[Task input]

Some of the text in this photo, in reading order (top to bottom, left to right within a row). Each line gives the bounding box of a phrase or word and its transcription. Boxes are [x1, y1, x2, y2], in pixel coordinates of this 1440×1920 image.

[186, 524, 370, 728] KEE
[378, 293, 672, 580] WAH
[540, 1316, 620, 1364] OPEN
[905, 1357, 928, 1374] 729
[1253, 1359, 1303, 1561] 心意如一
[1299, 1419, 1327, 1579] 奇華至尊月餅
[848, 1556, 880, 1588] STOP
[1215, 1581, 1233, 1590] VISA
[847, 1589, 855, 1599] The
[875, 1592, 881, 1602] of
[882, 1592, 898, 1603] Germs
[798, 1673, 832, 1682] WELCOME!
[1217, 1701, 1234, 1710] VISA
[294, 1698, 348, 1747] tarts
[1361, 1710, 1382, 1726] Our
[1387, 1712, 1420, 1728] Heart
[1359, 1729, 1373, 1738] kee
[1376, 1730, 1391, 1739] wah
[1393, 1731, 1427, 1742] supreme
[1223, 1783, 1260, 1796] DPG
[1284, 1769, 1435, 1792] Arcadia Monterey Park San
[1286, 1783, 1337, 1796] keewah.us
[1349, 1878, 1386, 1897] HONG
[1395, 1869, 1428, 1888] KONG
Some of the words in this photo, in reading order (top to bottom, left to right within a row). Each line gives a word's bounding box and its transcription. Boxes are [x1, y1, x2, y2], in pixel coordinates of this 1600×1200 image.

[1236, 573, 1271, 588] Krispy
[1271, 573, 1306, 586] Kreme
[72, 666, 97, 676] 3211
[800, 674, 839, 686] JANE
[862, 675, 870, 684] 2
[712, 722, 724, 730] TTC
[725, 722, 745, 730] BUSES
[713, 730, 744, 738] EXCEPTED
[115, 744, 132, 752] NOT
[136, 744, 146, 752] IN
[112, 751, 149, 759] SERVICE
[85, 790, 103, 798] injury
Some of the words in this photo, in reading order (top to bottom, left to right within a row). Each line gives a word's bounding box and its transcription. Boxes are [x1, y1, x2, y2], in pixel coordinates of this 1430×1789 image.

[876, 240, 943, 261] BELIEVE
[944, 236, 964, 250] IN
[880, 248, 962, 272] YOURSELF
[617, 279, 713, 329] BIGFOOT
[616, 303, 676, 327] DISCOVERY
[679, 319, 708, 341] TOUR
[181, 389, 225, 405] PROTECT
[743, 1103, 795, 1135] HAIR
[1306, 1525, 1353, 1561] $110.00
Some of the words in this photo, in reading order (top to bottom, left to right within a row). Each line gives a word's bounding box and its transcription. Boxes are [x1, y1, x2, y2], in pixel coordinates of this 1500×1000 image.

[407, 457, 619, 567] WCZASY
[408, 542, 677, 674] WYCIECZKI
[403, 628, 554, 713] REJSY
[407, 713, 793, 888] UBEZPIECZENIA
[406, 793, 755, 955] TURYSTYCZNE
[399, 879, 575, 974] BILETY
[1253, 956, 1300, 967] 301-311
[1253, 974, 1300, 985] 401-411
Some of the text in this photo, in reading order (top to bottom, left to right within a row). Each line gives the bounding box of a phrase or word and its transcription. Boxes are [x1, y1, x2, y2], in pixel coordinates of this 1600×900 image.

[/Task input]

__Exercise directions__: Copy each line of the records verbatim.

__Task answer__:
Some of the text in this photo, in reading order (top to bottom, left to right within a row). Each line gives the bounding box of a phrase or word and its transcription. Boxes are [x1, y1, x2, y2], in pixel coordinates of this 1440×1920 image.

[186, 524, 370, 728] KEE
[378, 293, 672, 580] WAH
[540, 1316, 620, 1364] OPEN
[905, 1357, 928, 1374] 729
[1253, 1359, 1303, 1561] 心意如一
[1299, 1419, 1327, 1579] 奇華至尊月餅
[848, 1556, 880, 1588] STOP
[1215, 1581, 1233, 1590] VISA
[847, 1589, 855, 1599] The
[875, 1592, 881, 1602] of
[882, 1592, 898, 1603] Germs
[798, 1673, 832, 1682] WELCOME!
[1217, 1701, 1234, 1710] VISA
[294, 1698, 348, 1747] tarts
[1361, 1710, 1382, 1726] Our
[1387, 1712, 1420, 1728] Heart
[1359, 1729, 1373, 1738] kee
[1376, 1730, 1391, 1739] wah
[1393, 1731, 1427, 1742] supreme
[1223, 1783, 1260, 1796] DPG
[1284, 1769, 1435, 1792] Arcadia Monterey Park San
[1286, 1783, 1337, 1796] keewah.us
[1349, 1878, 1386, 1897] HONG
[1395, 1869, 1428, 1888] KONG
Some of the words in this photo, in reading order (top to bottom, left to right within a row). Each line gives a word's bounding box and its transcription. Boxes are [x1, y1, x2, y2], in pixel coordinates of this 1600×1200 image.

[1236, 573, 1271, 588] Krispy
[1271, 573, 1306, 586] Kreme
[72, 666, 97, 676] 3211
[800, 674, 839, 686] JANE
[862, 675, 870, 684] 2
[712, 722, 724, 730] TTC
[725, 722, 745, 730] BUSES
[713, 730, 744, 738] EXCEPTED
[115, 744, 132, 752] NOT
[136, 744, 146, 752] IN
[112, 751, 149, 759] SERVICE
[85, 790, 103, 798] injury
Some of the words in this photo, in reading order (top to bottom, left to right within a row). Each line gives a word's bounding box and its transcription. Boxes are [x1, y1, x2, y2], in pixel coordinates of this 1430×1789 image.

[876, 240, 943, 261] BELIEVE
[944, 236, 964, 250] IN
[880, 248, 962, 272] YOURSELF
[617, 279, 713, 329] BIGFOOT
[616, 303, 676, 327] DISCOVERY
[679, 319, 708, 341] TOUR
[181, 389, 225, 405] PROTECT
[743, 1103, 795, 1135] HAIR
[1306, 1525, 1353, 1561] $110.00
Some of the words in this photo, in reading order (top to bottom, left to right within a row). Each line gives a word's bounding box and its transcription. Boxes are [x1, y1, x2, y2], in pixel coordinates of this 1500×1000 image.

[407, 457, 619, 567] WCZASY
[408, 542, 677, 674] WYCIECZKI
[403, 628, 554, 713] REJSY
[407, 713, 793, 888] UBEZPIECZENIA
[406, 793, 755, 955] TURYSTYCZNE
[399, 879, 575, 974] BILETY
[1253, 956, 1300, 967] 301-311
[1253, 974, 1300, 985] 401-411
Some of the text in this photo, in reading order (top to bottom, left to right within a row). Each line gives the bounding box of a phrase or word and its transcription. Boxes are [x1, y1, x2, y2], in pixel coordinates of this 1600×900 image.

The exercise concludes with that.